Adam hanım karışık olmadan, çalgı, müzikli tanrısal ve başka haram karıştırmadan, Tanrı rızası için okumak, salevat-ı şerife getirmek, tatlı şeyler yedirip içirmek, hayrat ve hasenat yapmak, böylece, o gecenin şükrünü yerine getirmek müstehabdır. (Ni’met-ül kübrâ, Hadika, M. Tembih)

Resulullah efendimizi oldukca övmek, mahlûkların en üstünde bulunduğunu söylemek, Allahü teâlânın, sevgili Peygamberine verdiği üstünlükleri saymak ve Ondan şefaat istemek, büyük ibadettir. Buna karşı koymak, koyu bir cahillik, pek çirkin bir inattır.

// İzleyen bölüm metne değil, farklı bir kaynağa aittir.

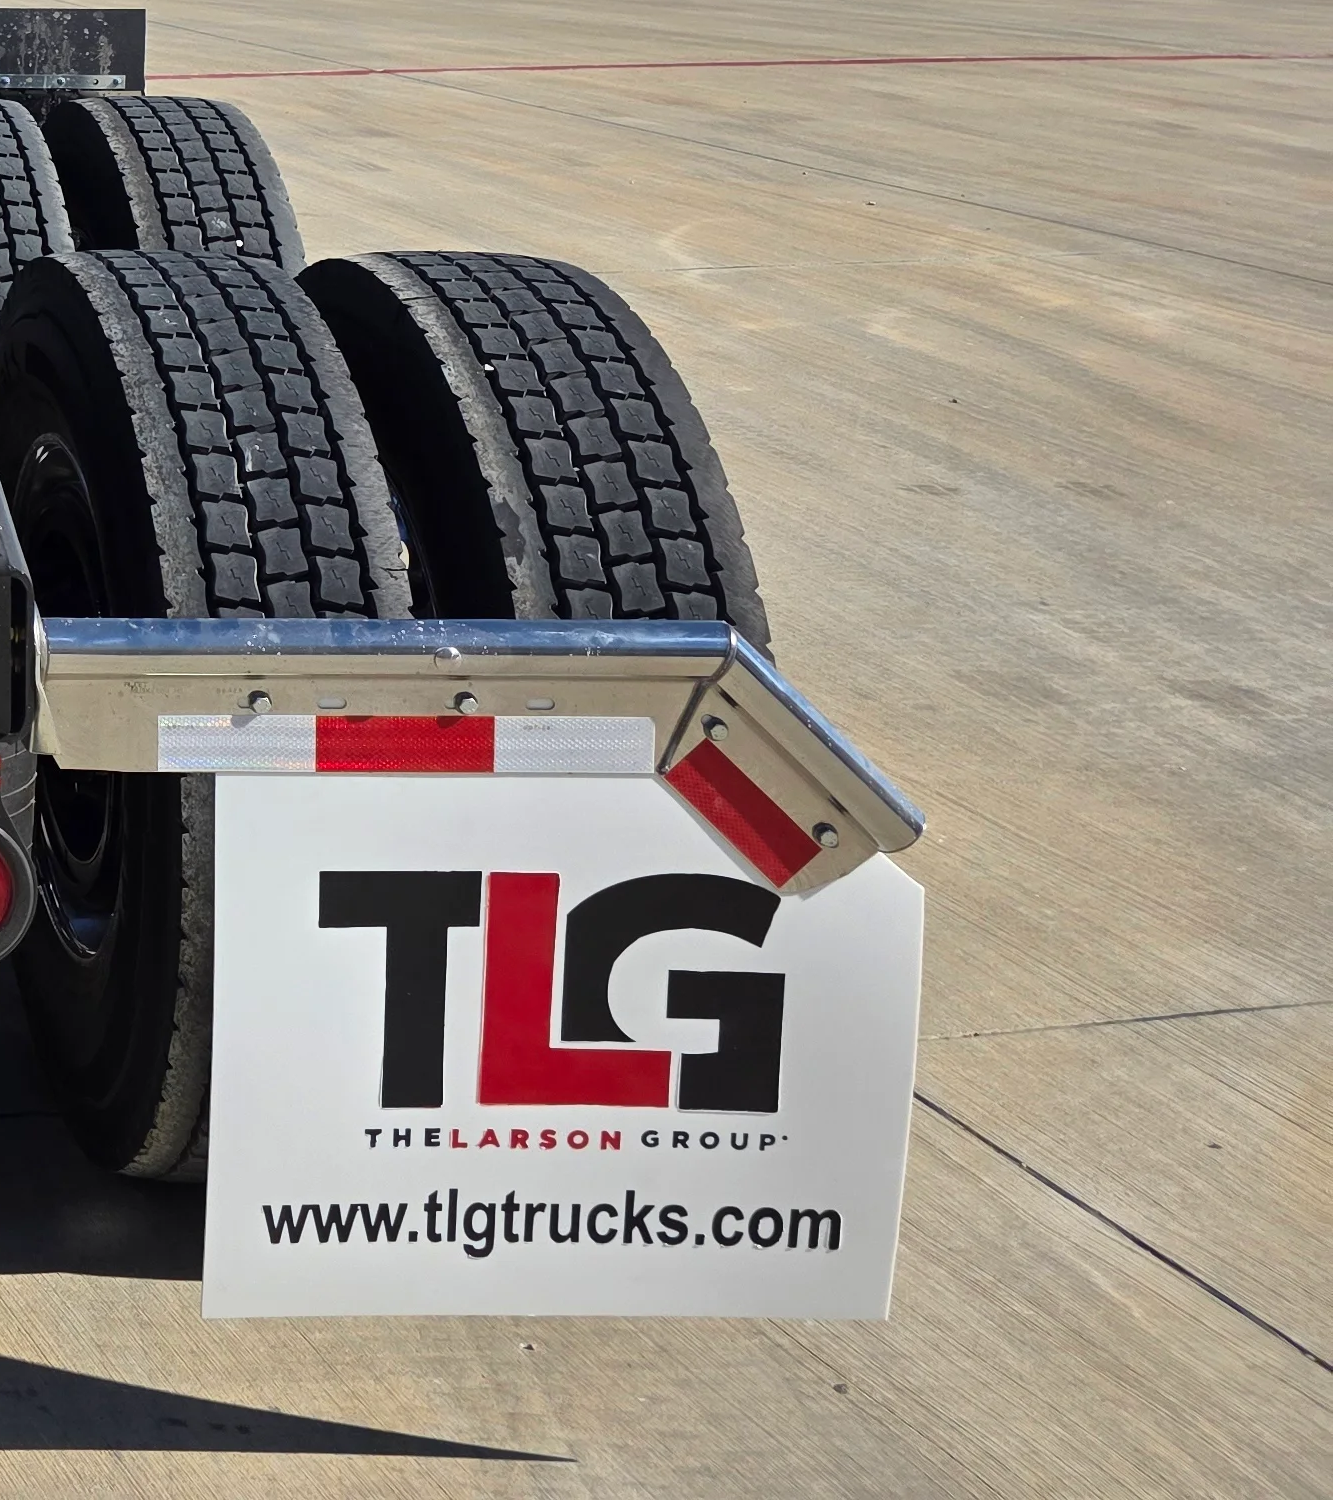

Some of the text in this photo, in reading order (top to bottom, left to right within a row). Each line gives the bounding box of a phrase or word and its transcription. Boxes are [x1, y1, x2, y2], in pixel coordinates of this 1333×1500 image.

[318, 871, 786, 1113] TLG
[640, 1129, 775, 1152] GROUP
[262, 1188, 842, 1258] www.tlgtrucks.com

Resulullahı övmek, anmak lazım geldiğine kanıt olarak, Ahzab suresinin (Tanrı ve melekleri, Resule salevat getiriyor, inanç edenler, siz de salevat getirin) mealindeki 56.âyet-i kerimesi yetmez mi?

Vehhabi mantığına bakın!
Vehhabi Feth-ul-mecid kitabının önsözünde, (Süud torunu Abdülaziz tevhidi yeniledi. Arabistan yarım adasına barış ve güvenlik getirdi. Oğlu Süud da, geçmişlerinin yoluna yaşam verdi. Hulefa-i raşidinin yolunu açtı) diyor. Süud oğullarının kılıçlarının keskin olmasına yakarma ediyor. Yunanistan’da, Atina’nın en lüks otellerinde, yüzlerce gayrimeşru cariye ile, Yunan kızları içinde, senelerce sefalet, içki ve fuhuş âlemleri sürerek 1384 [m. 1964] de zevk, safa, işret içinde ölen Süudü ve dedelerini övmek için (yaşam verdi, yol açtı) şeklinde methiyeler söylemesi, ondan yardım dilemesi şirk, kabahat olmuyor da, ehl-i sünnetin, Allahü teâlânın sevgili Peygamberini övmesi, o yüce Peygamberin, mahlukların en yüksek derecesinde bulunduğunu bildirmesi, (Her istediğini vereceğim) müjdesi ile şereflenmiş olan o en yüksek Peygamberden yardım ve şefaat istemesi, kabahat ve şirk oluyormuş.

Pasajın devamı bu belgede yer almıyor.